ABOUT THIS EXERCISE
The copy you give must match the records exactly, except that it holds no images.
+ + +
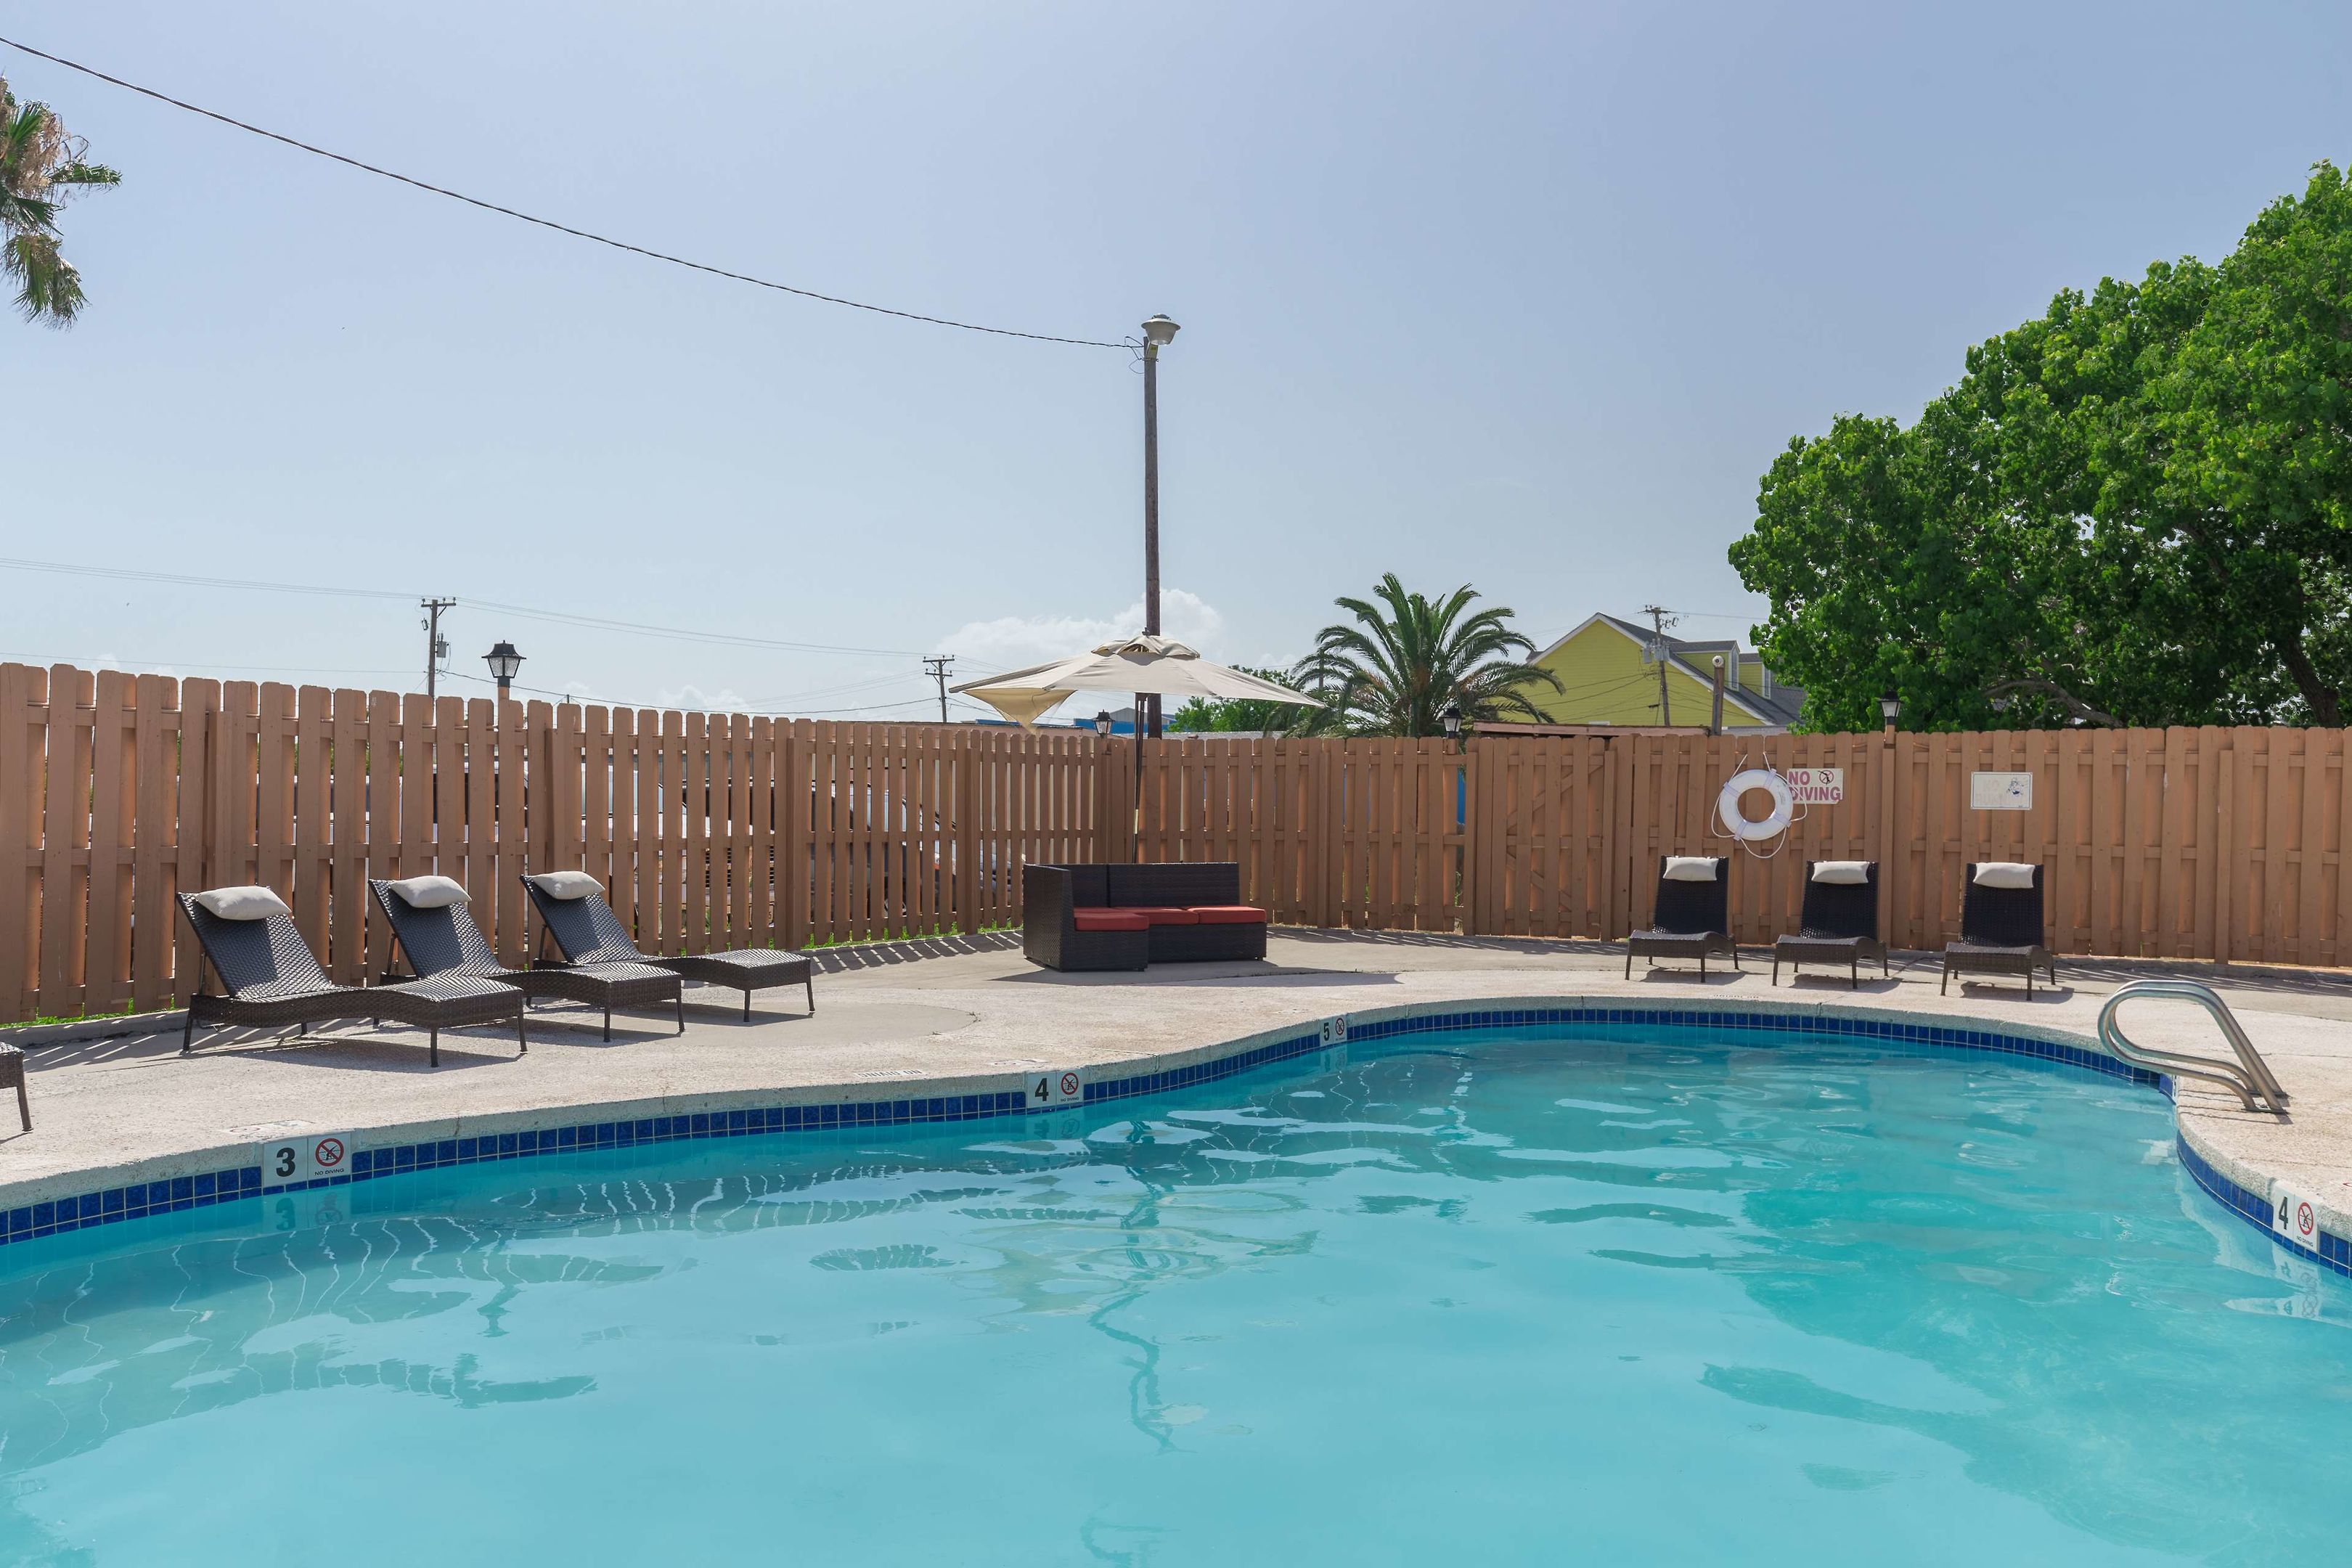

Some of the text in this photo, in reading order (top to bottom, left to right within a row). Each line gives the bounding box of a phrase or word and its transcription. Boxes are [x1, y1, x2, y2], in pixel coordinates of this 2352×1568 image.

[1789, 771, 1810, 785] NO
[1789, 786, 1841, 801] DIVING
[1323, 1022, 1330, 1041] 5
[1034, 1077, 1049, 1102] 4
[276, 1147, 296, 1177] 3
[2278, 1196, 2289, 1230] 4
+ + +
ANSWER BELOW
Some of the text in this photo, in reading order (top to bottom, left to right within a row). Each line gives the bounding box of a phrase or word and its transcription. Boxes are [x1, y1, x2, y2], in pixel coordinates of this 2352×1568 image.

[1789, 771, 1810, 785] NO
[1789, 786, 1841, 801] DIVING
[1323, 1022, 1330, 1041] 5
[1034, 1077, 1049, 1102] 4
[276, 1147, 296, 1177] 3
[2278, 1196, 2289, 1230] 4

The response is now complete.